# [Your task]
Could you please reproduce every record below exactly, leaving out the pictures?

# [Task data]
◇ ◇ ◇

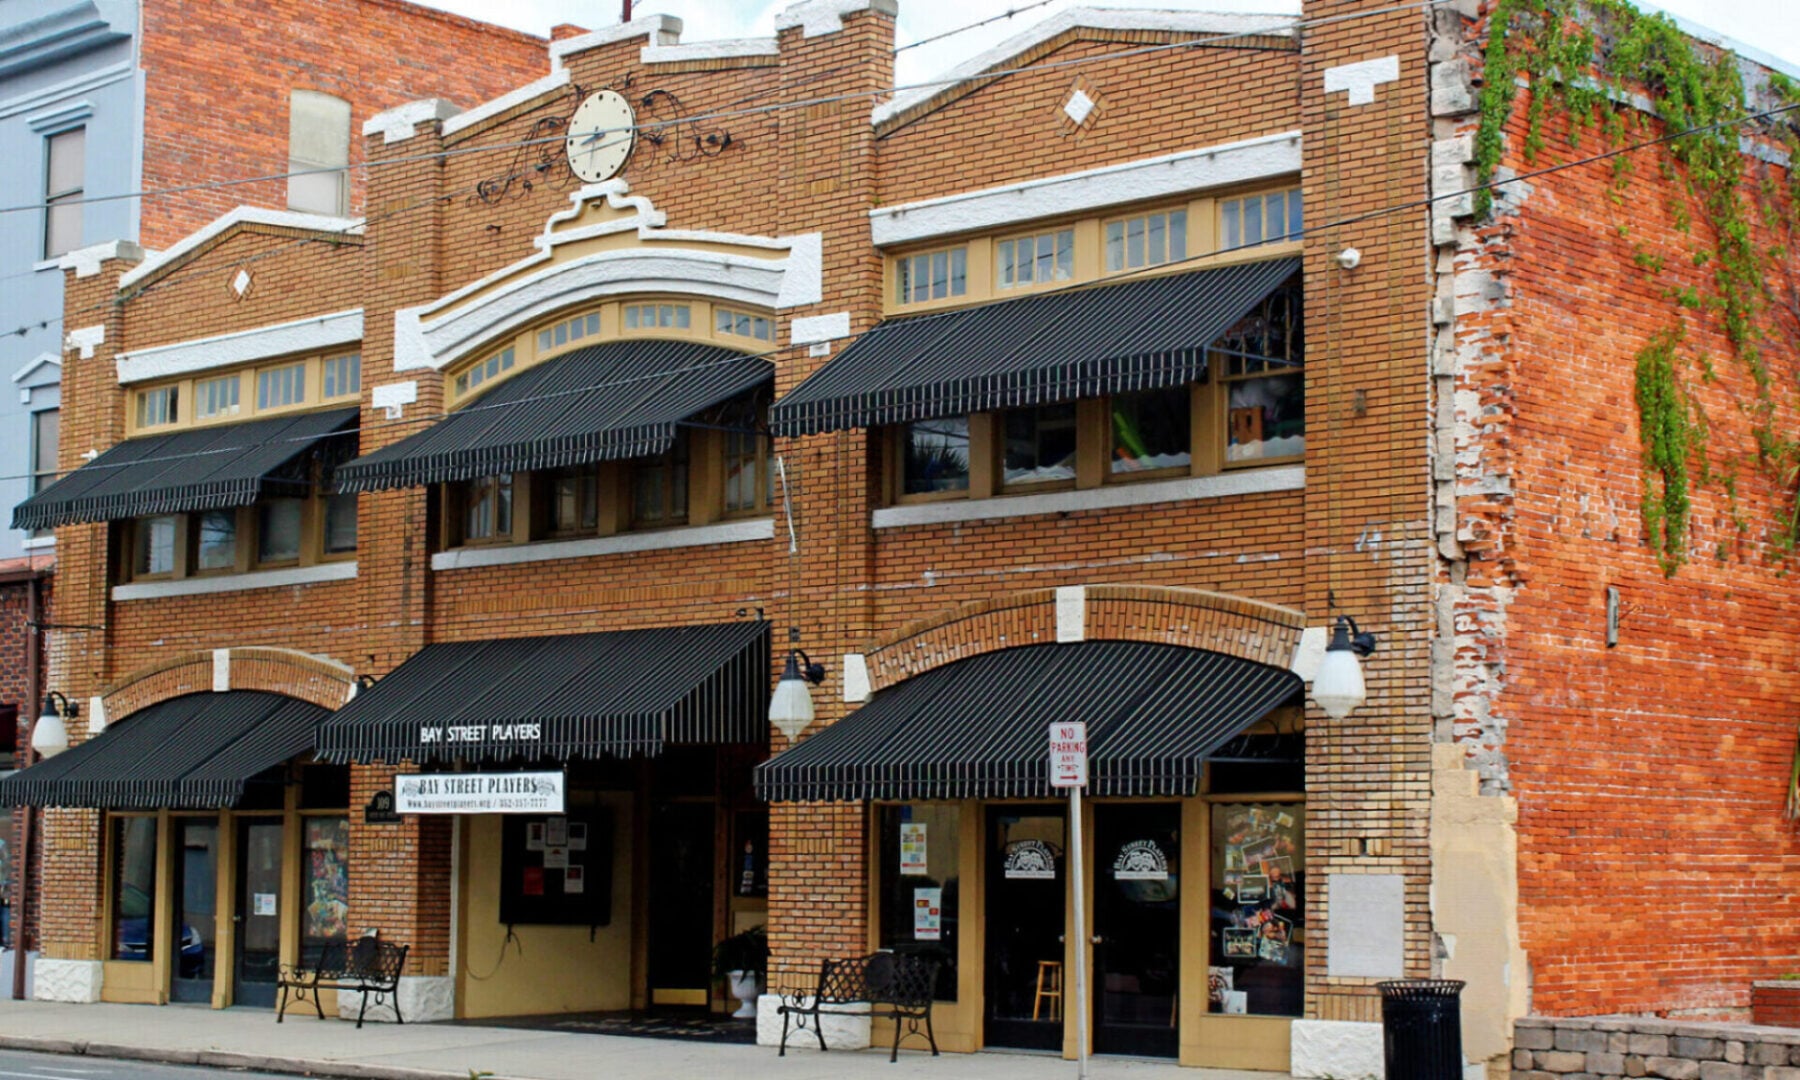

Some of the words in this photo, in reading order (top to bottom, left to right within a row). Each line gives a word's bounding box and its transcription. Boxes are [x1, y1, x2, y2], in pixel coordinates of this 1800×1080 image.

[420, 727, 443, 743] BAY
[447, 725, 487, 742] STREET
[492, 723, 541, 740] PLAYERS
[1060, 727, 1075, 739] NO
[1050, 742, 1086, 753] PARKING
[1061, 754, 1075, 763] ANY
[1060, 765, 1077, 773] TIME
[420, 778, 440, 794] BAY
[444, 777, 483, 794] STREET
[487, 776, 538, 793] PLAYERS
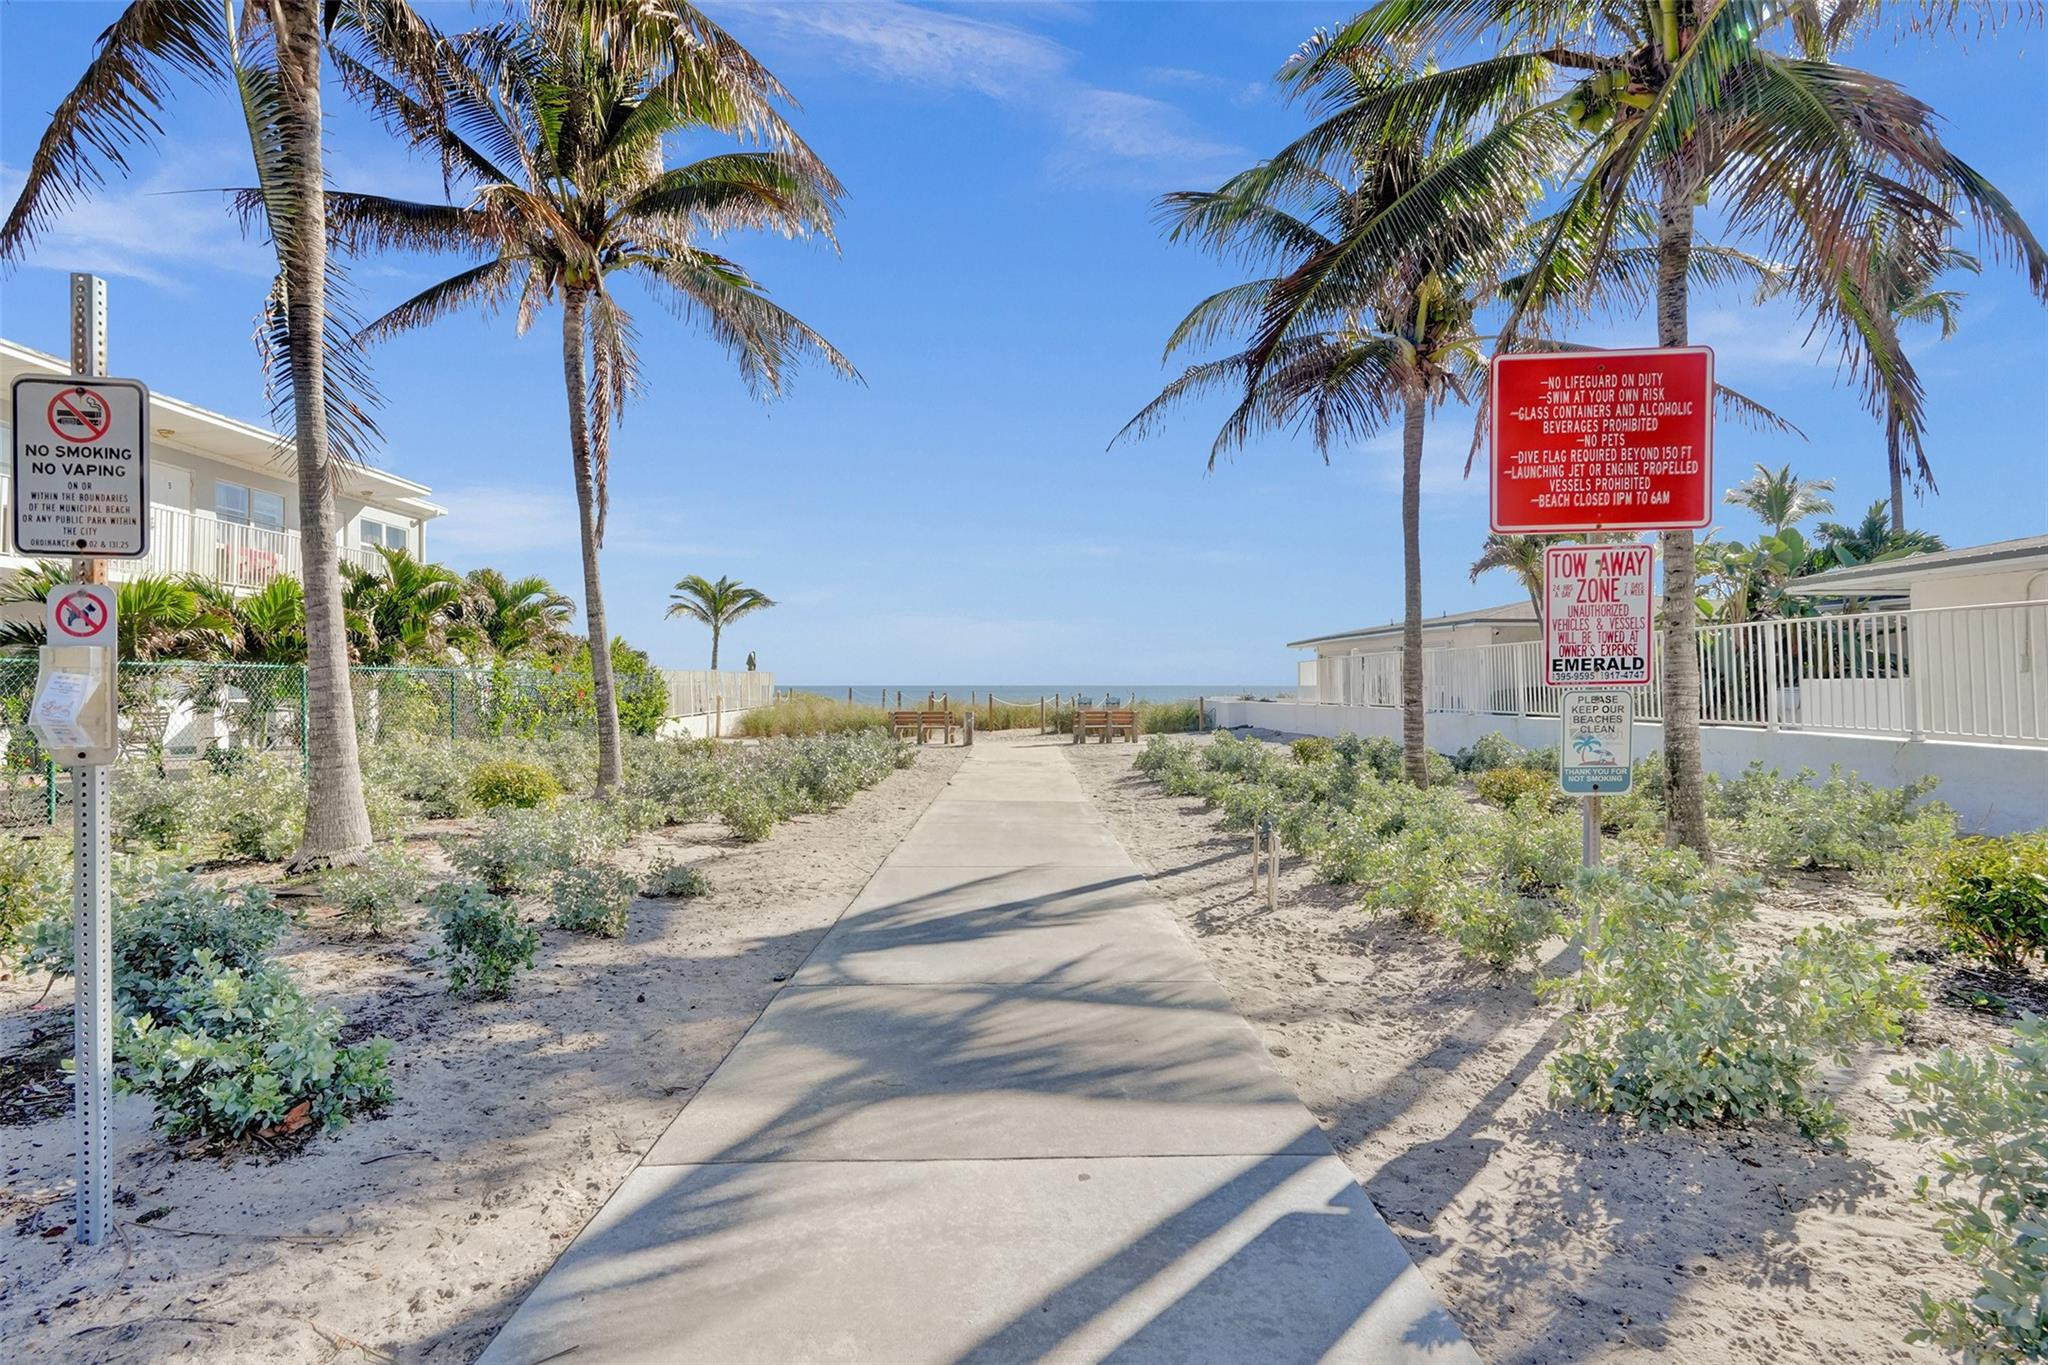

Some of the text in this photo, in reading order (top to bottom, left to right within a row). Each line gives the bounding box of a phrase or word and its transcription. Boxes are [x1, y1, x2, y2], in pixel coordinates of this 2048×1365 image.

[1565, 374, 1617, 388] LIFEGUARD
[1622, 374, 1634, 387] ON
[1639, 373, 1663, 386] DUTY
[1574, 391, 1584, 403] AT
[1589, 389, 1614, 402] YOUR
[1619, 388, 1638, 402] OWN
[1643, 387, 1665, 401] RISK
[1553, 404, 1611, 419] CONTAINERS
[1616, 403, 1633, 417] AND
[1639, 402, 1693, 417] ALCOHOLIC
[1543, 417, 1658, 434] BEVERAGES PROHIBITED
[1602, 433, 1625, 446] PETS
[25, 444, 132, 460] NO SMOKING
[1543, 450, 1566, 463] FLAG
[1571, 448, 1616, 462] REQUIRED
[1621, 447, 1658, 461] BEYOND
[1662, 446, 1678, 460] 150
[1681, 446, 1692, 459] FT
[32, 462, 126, 477] NO VAPING
[1568, 464, 1584, 477] JET
[1589, 463, 1602, 477] OR
[1606, 462, 1639, 476] ENGINE
[1643, 461, 1698, 475] PROPELLED
[68, 482, 92, 490] ON OR
[1550, 477, 1650, 492] VESSELS PROHIBITED
[31, 492, 128, 502] WITHIN THE BOUNDARIES
[1574, 493, 1609, 507] CLOSED
[1613, 492, 1632, 505] 11PM
[1636, 492, 1648, 504] TO
[1651, 491, 1670, 504] 6AM
[29, 503, 130, 514] OF THE MUNICIPAL BEACH
[36, 515, 52, 523] ANY
[56, 516, 83, 524] PUBLIC
[87, 516, 107, 525] PARK
[111, 517, 137, 526] WITHIN
[63, 527, 98, 536] THE CITY
[101, 541, 105, 549] &
[1552, 551, 1646, 578] TOW AWAY
[1576, 578, 1620, 603] ZONE
[1568, 604, 1629, 618] UNAUTHORIZED
[1553, 617, 1645, 631] VEHICLES & VESSELS
[1558, 630, 1638, 644] WILL BE TOWED AT
[1559, 644, 1638, 657] OWNER'S EXPENSE
[1552, 658, 1644, 672] EMERALD
[1578, 696, 1618, 704] PLEASE
[1572, 705, 1624, 713] KEEP OUR
[1573, 715, 1622, 724] BEACHES
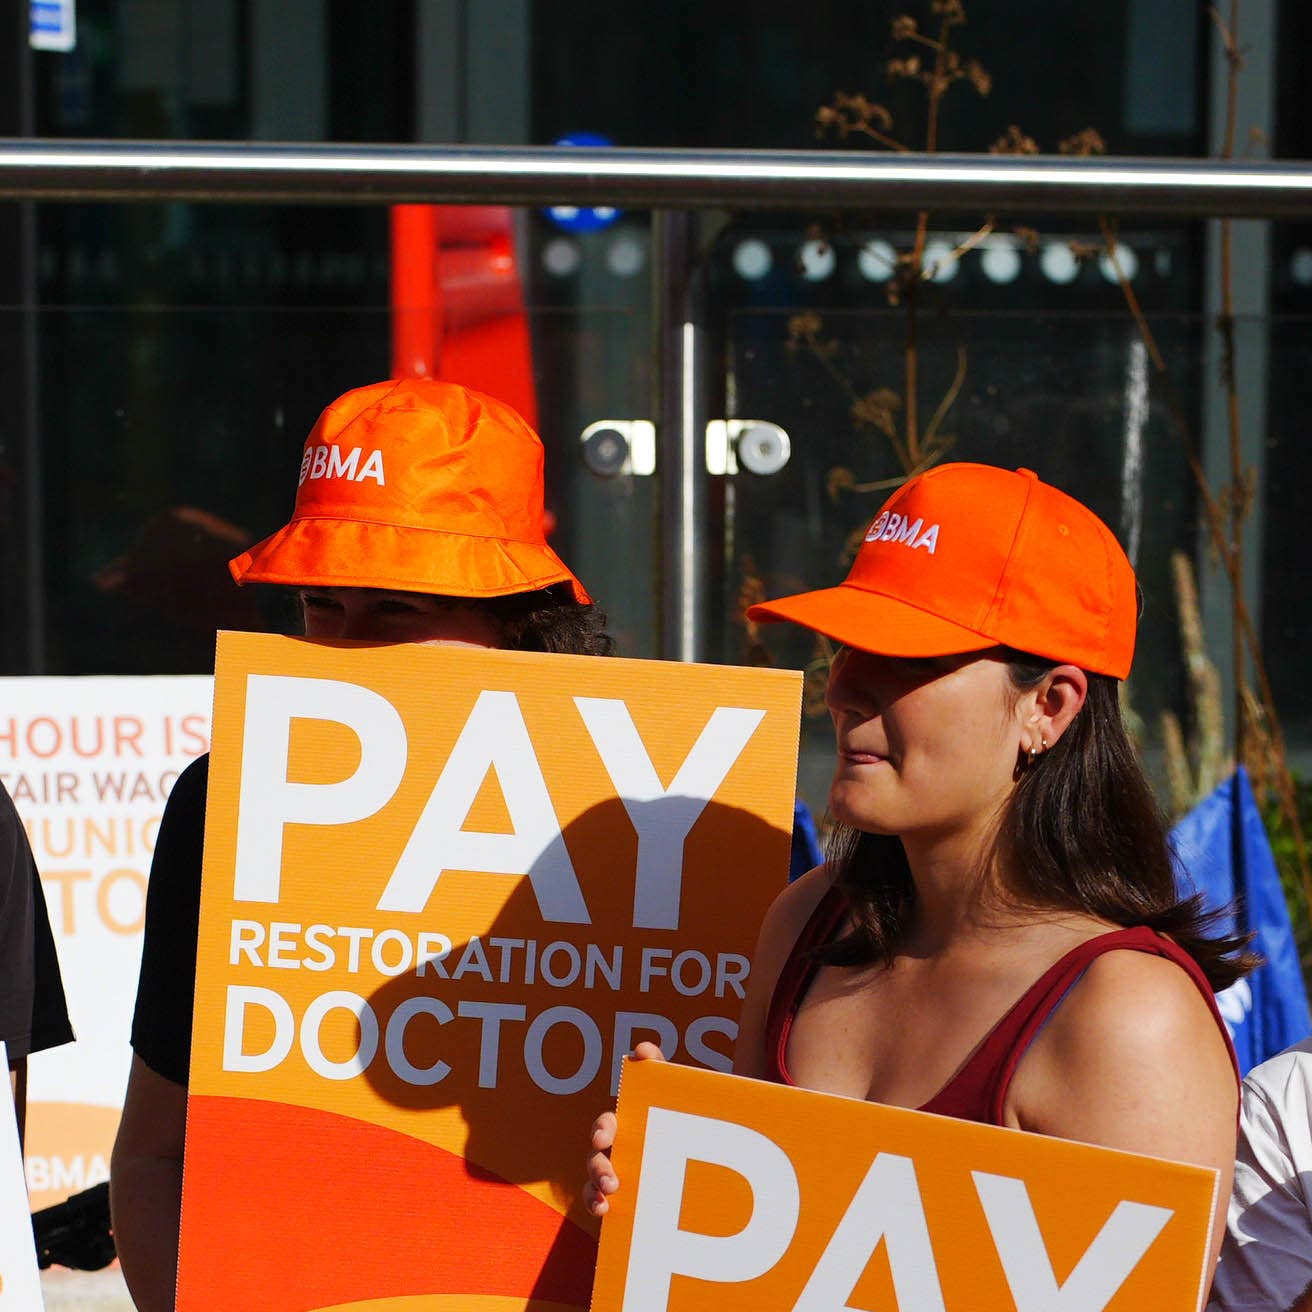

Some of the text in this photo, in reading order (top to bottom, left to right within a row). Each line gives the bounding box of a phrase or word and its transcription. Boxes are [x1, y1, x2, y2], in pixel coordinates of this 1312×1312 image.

◇ ◇ ◇

# [Your response]
Some of the words in this photo, in reading order (top to bottom, left to right within a row). Each line gives a word's bounding box and its transcription. Boxes are [x1, y1, x2, y2], in pixel coordinates of this 1800×1080 image.

[420, 727, 443, 743] BAY
[447, 725, 487, 742] STREET
[492, 723, 541, 740] PLAYERS
[1060, 727, 1075, 739] NO
[1050, 742, 1086, 753] PARKING
[1061, 754, 1075, 763] ANY
[1060, 765, 1077, 773] TIME
[420, 778, 440, 794] BAY
[444, 777, 483, 794] STREET
[487, 776, 538, 793] PLAYERS

Some of the text in this photo, in reading order (top to bottom, left to right within a row). Each line gives the bounding box of a phrase or word and its transcription. Boxes are [x1, y1, x2, y2], in pixel coordinates of this 2048×1365 image.

[1565, 374, 1617, 388] LIFEGUARD
[1622, 374, 1634, 387] ON
[1639, 373, 1663, 386] DUTY
[1574, 391, 1584, 403] AT
[1589, 389, 1614, 402] YOUR
[1619, 388, 1638, 402] OWN
[1643, 387, 1665, 401] RISK
[1553, 404, 1611, 419] CONTAINERS
[1616, 403, 1633, 417] AND
[1639, 402, 1693, 417] ALCOHOLIC
[1543, 417, 1658, 434] BEVERAGES PROHIBITED
[1602, 433, 1625, 446] PETS
[25, 444, 132, 460] NO SMOKING
[1543, 450, 1566, 463] FLAG
[1571, 448, 1616, 462] REQUIRED
[1621, 447, 1658, 461] BEYOND
[1662, 446, 1678, 460] 150
[1681, 446, 1692, 459] FT
[32, 462, 126, 477] NO VAPING
[1568, 464, 1584, 477] JET
[1589, 463, 1602, 477] OR
[1606, 462, 1639, 476] ENGINE
[1643, 461, 1698, 475] PROPELLED
[68, 482, 92, 490] ON OR
[1550, 477, 1650, 492] VESSELS PROHIBITED
[31, 492, 128, 502] WITHIN THE BOUNDARIES
[1574, 493, 1609, 507] CLOSED
[1613, 492, 1632, 505] 11PM
[1636, 492, 1648, 504] TO
[1651, 491, 1670, 504] 6AM
[29, 503, 130, 514] OF THE MUNICIPAL BEACH
[36, 515, 52, 523] ANY
[56, 516, 83, 524] PUBLIC
[87, 516, 107, 525] PARK
[111, 517, 137, 526] WITHIN
[63, 527, 98, 536] THE CITY
[101, 541, 105, 549] &
[1552, 551, 1646, 578] TOW AWAY
[1576, 578, 1620, 603] ZONE
[1568, 604, 1629, 618] UNAUTHORIZED
[1553, 617, 1645, 631] VEHICLES & VESSELS
[1558, 630, 1638, 644] WILL BE TOWED AT
[1559, 644, 1638, 657] OWNER'S EXPENSE
[1552, 658, 1644, 672] EMERALD
[1578, 696, 1618, 704] PLEASE
[1572, 705, 1624, 713] KEEP OUR
[1573, 715, 1622, 724] BEACHES

Some of the text in this photo, in reading order (top to bottom, left to right within a row). Each line gives the bounding box of a phrase or word and its transcription. Boxes are [x1, y1, x2, y2], in pixel coordinates of this 1312×1312 image.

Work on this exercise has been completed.